**Task**
Write the data out in full and word for word. Do not include images.
***** Data supplied *****
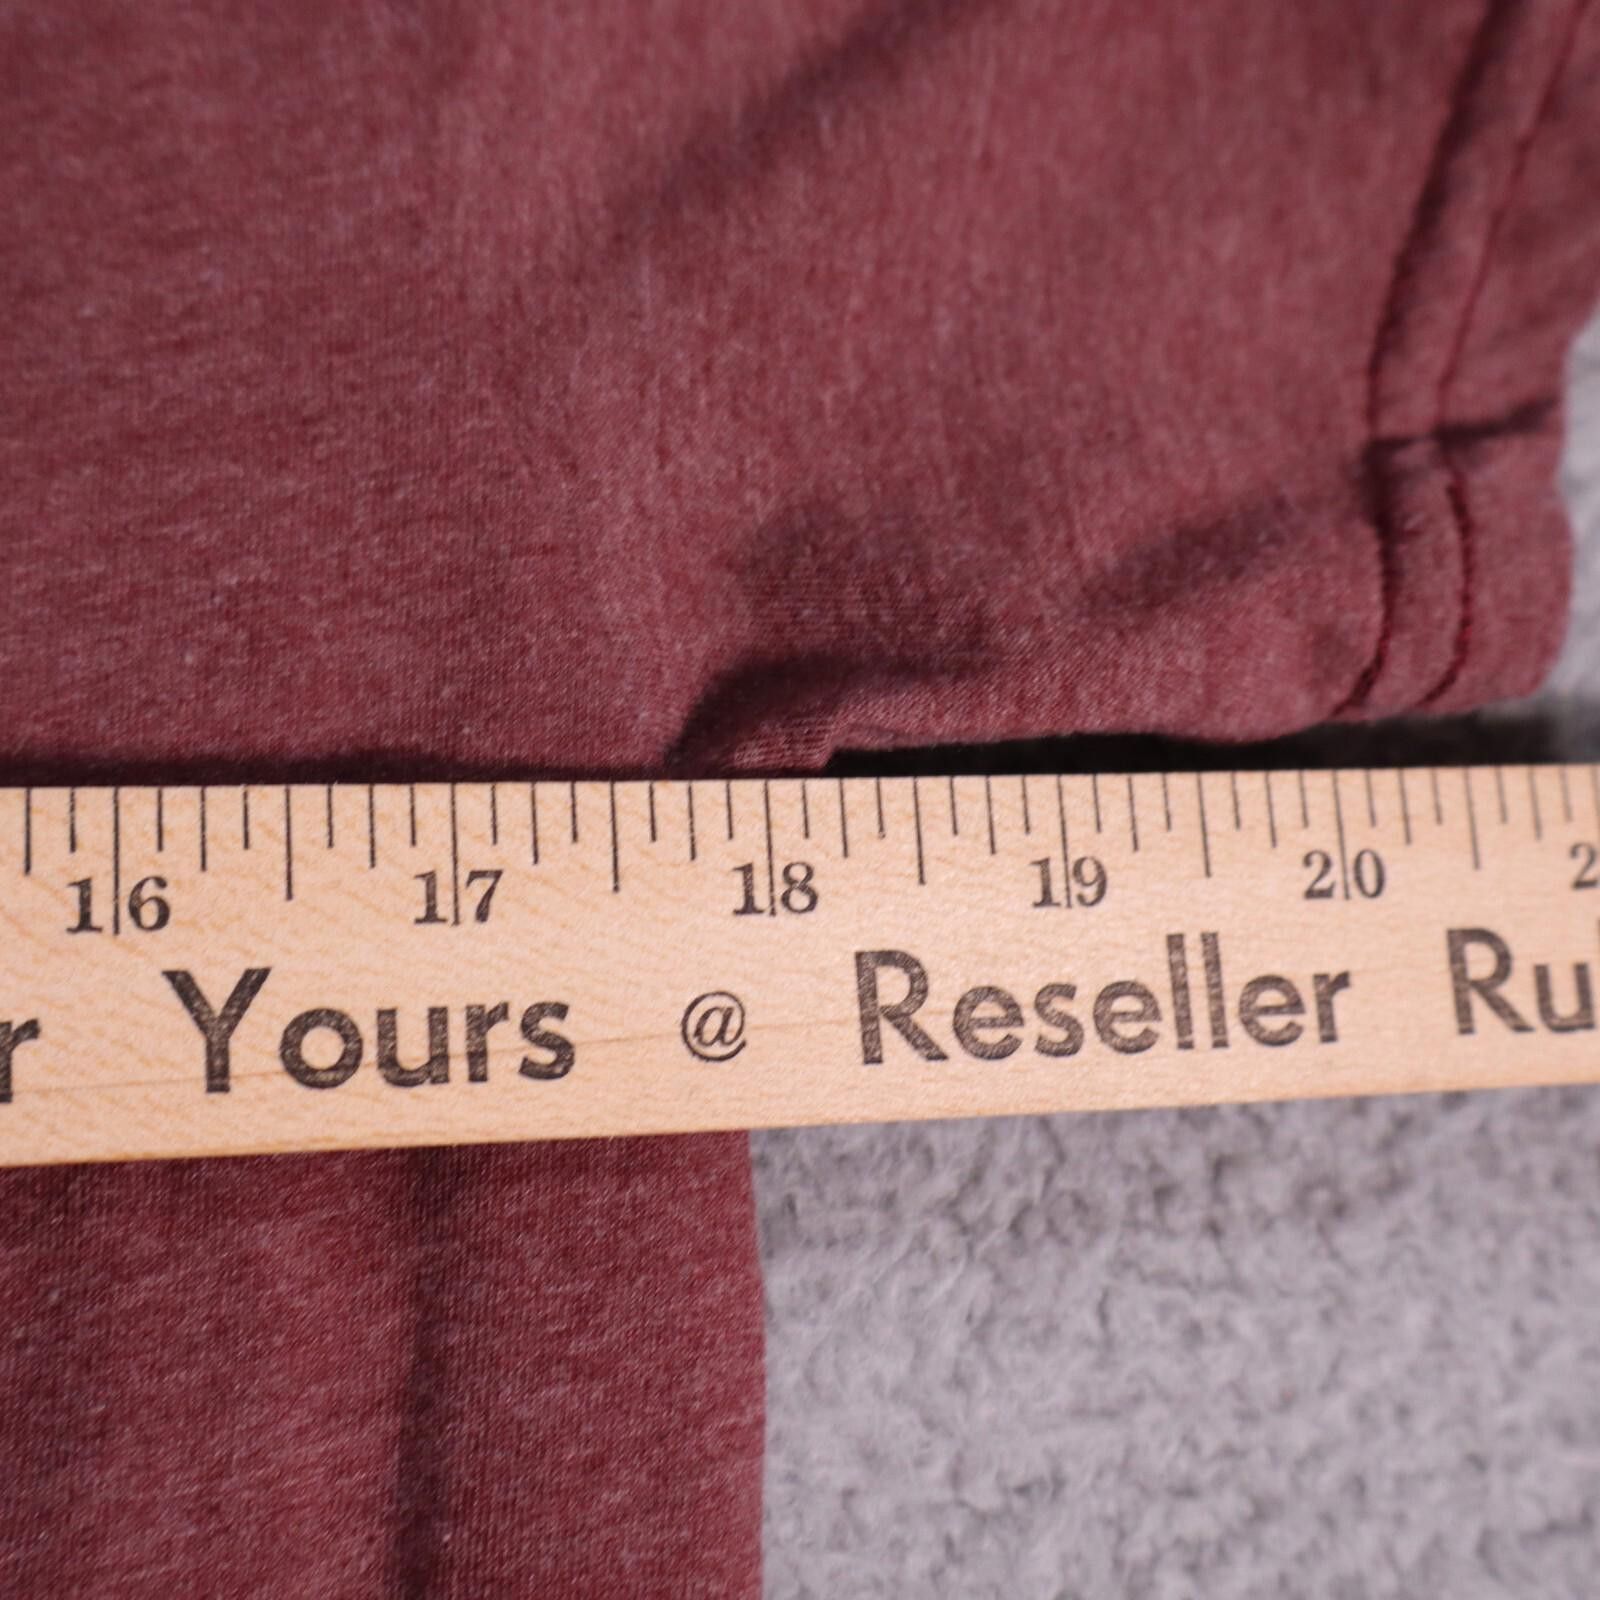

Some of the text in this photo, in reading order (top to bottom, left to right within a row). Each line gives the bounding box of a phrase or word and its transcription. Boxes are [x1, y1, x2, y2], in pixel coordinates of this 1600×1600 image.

[67, 876, 171, 934] 16
[413, 870, 503, 925] 17
[734, 862, 819, 916] 18
[1032, 857, 1108, 908] 19
[1303, 849, 1387, 901] 20
[162, 966, 577, 1094] Yours
[681, 991, 748, 1062] @
[854, 931, 1351, 1065] Reseller
[1447, 920, 1600, 1036] Ru
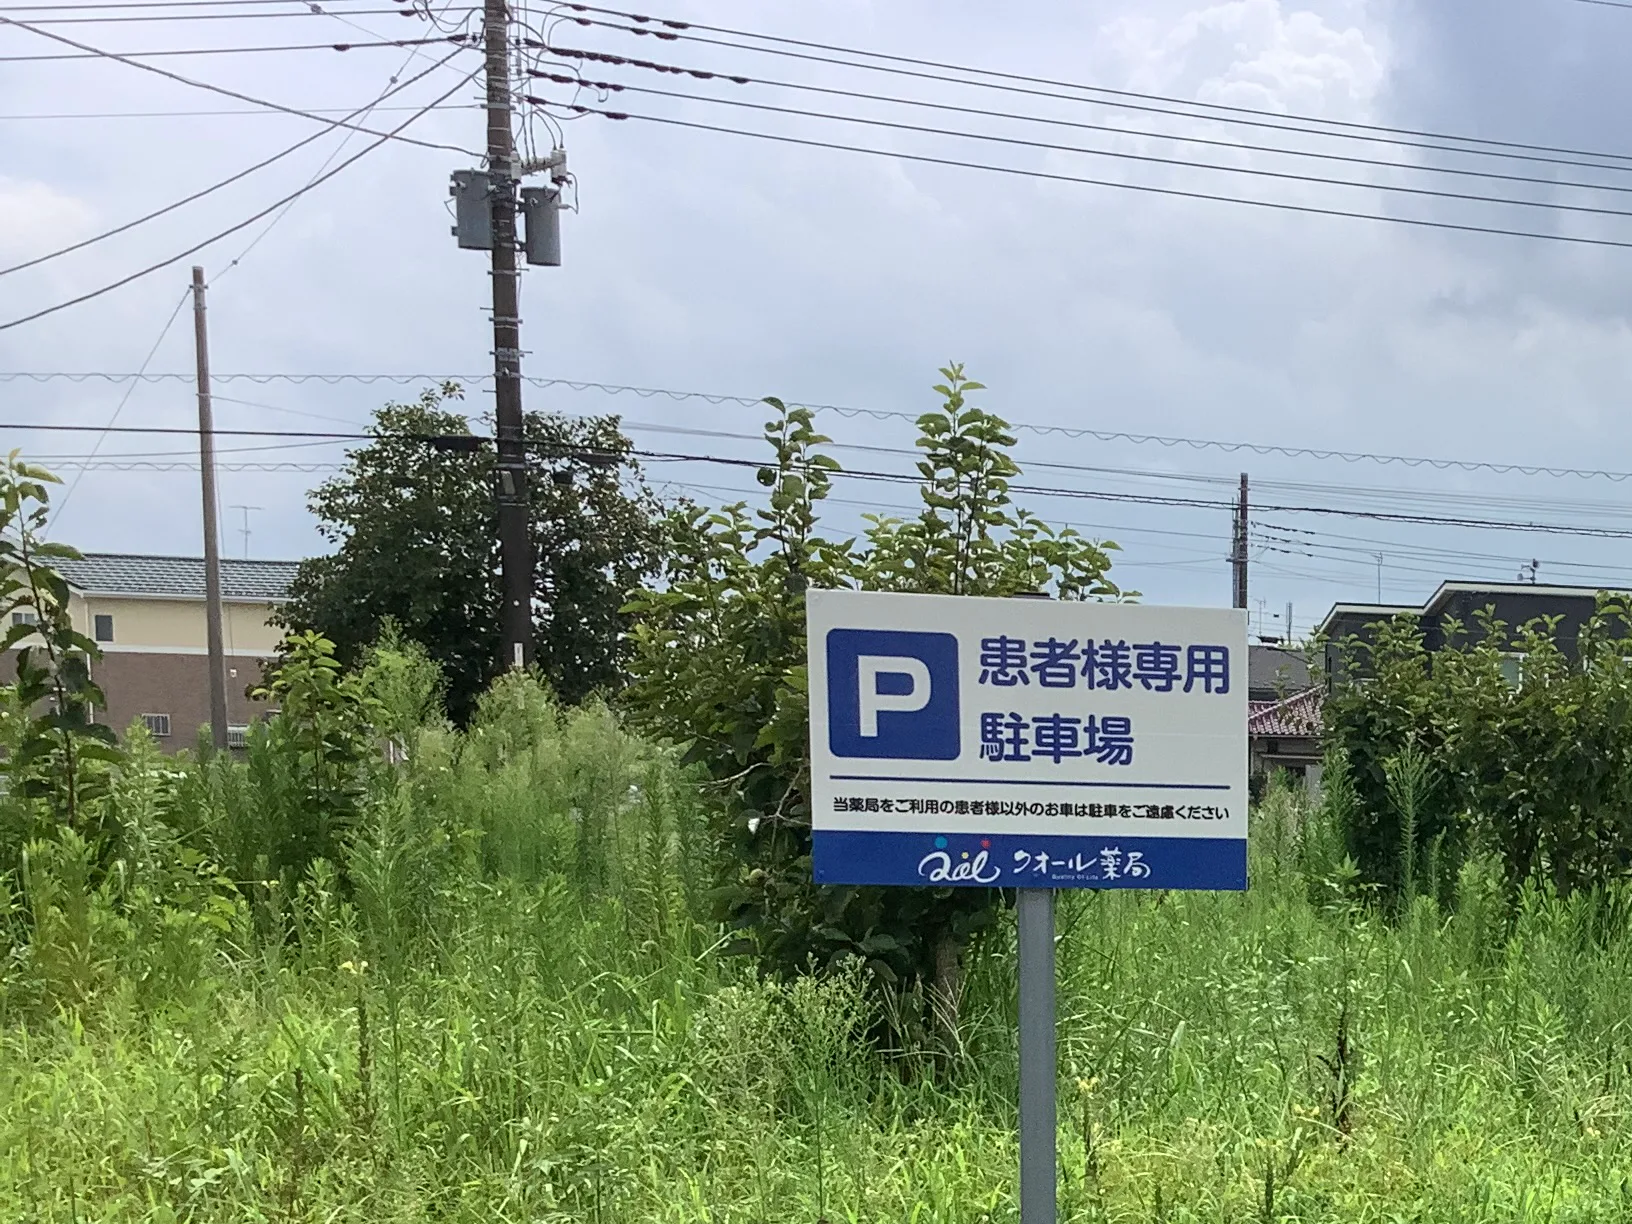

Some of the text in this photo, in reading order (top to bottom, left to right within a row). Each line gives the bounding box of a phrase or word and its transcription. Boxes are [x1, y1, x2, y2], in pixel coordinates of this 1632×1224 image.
*****
**Exercise answer**
Some of the text in this photo, in reading order (top to bottom, left to right within a row). Each line gives the bounding box of a phrase or word and its transcription. Boxes are [x1, y1, x2, y2], in pixel coordinates of this 1600×1600 image.

[67, 876, 171, 934] 16
[413, 870, 503, 925] 17
[734, 862, 819, 916] 18
[1032, 857, 1108, 908] 19
[1303, 849, 1387, 901] 20
[162, 966, 577, 1094] Yours
[681, 991, 748, 1062] @
[854, 931, 1351, 1065] Reseller
[1447, 920, 1600, 1036] Ru

Some of the text in this photo, in reading order (top to bottom, left to right within a row). Each line gives the bounding box of a phrase or word and its transcription. Boxes are [x1, y1, x2, y2], in pixel coordinates of this 1632×1224 image.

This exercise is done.